A faithful copy is required: transcribe each line below exactly, minus the pictures.

[Data records]
***
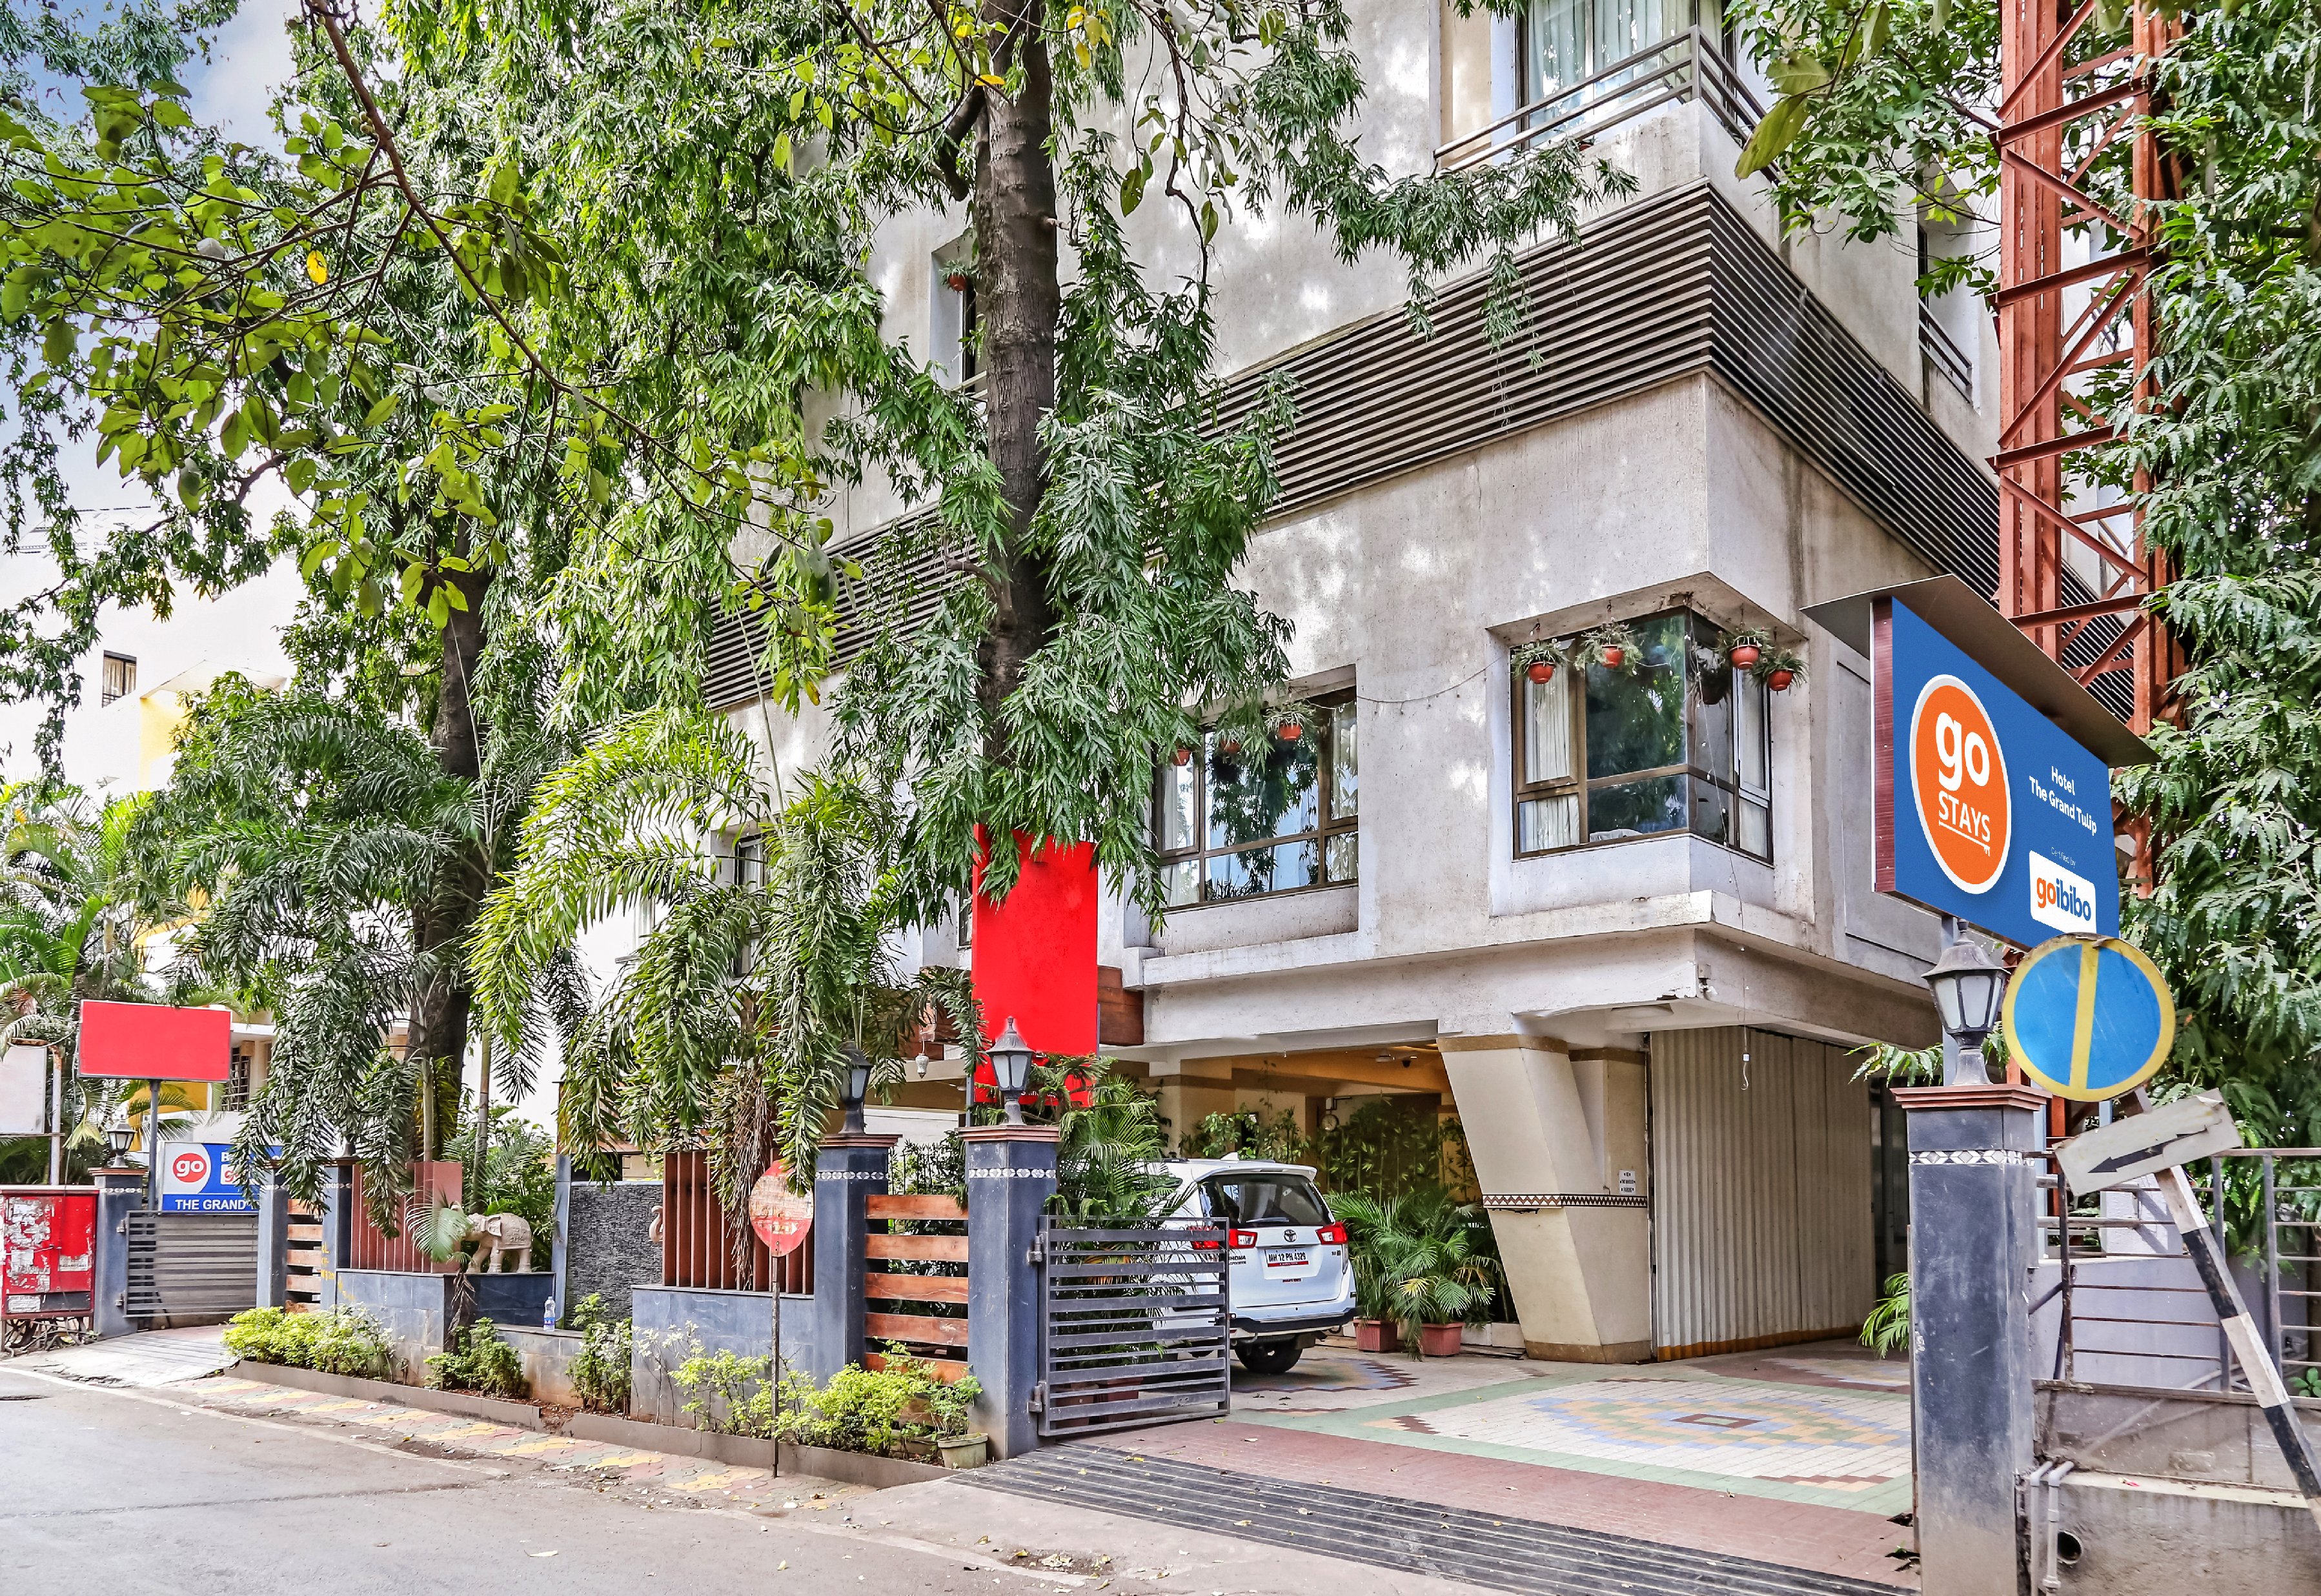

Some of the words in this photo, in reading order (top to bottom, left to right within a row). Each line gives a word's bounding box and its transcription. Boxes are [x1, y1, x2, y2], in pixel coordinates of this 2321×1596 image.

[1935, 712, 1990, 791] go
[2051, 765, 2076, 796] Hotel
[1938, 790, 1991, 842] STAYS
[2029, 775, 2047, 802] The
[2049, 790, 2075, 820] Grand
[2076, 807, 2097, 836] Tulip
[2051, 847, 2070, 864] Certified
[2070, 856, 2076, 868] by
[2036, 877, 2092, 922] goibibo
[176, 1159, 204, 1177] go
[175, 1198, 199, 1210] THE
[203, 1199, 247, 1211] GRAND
***
- Result of the exercise -
Some of the words in this photo, in reading order (top to bottom, left to right within a row). Each line gives a word's bounding box and its transcription. Boxes are [x1, y1, x2, y2], in pixel coordinates of this 2321×1596 image.

[1935, 712, 1990, 791] go
[2051, 765, 2076, 796] Hotel
[1938, 790, 1991, 842] STAYS
[2029, 775, 2047, 802] The
[2049, 790, 2075, 820] Grand
[2076, 807, 2097, 836] Tulip
[2051, 847, 2070, 864] Certified
[2070, 856, 2076, 868] by
[2036, 877, 2092, 922] goibibo
[176, 1159, 204, 1177] go
[175, 1198, 199, 1210] THE
[203, 1199, 247, 1211] GRAND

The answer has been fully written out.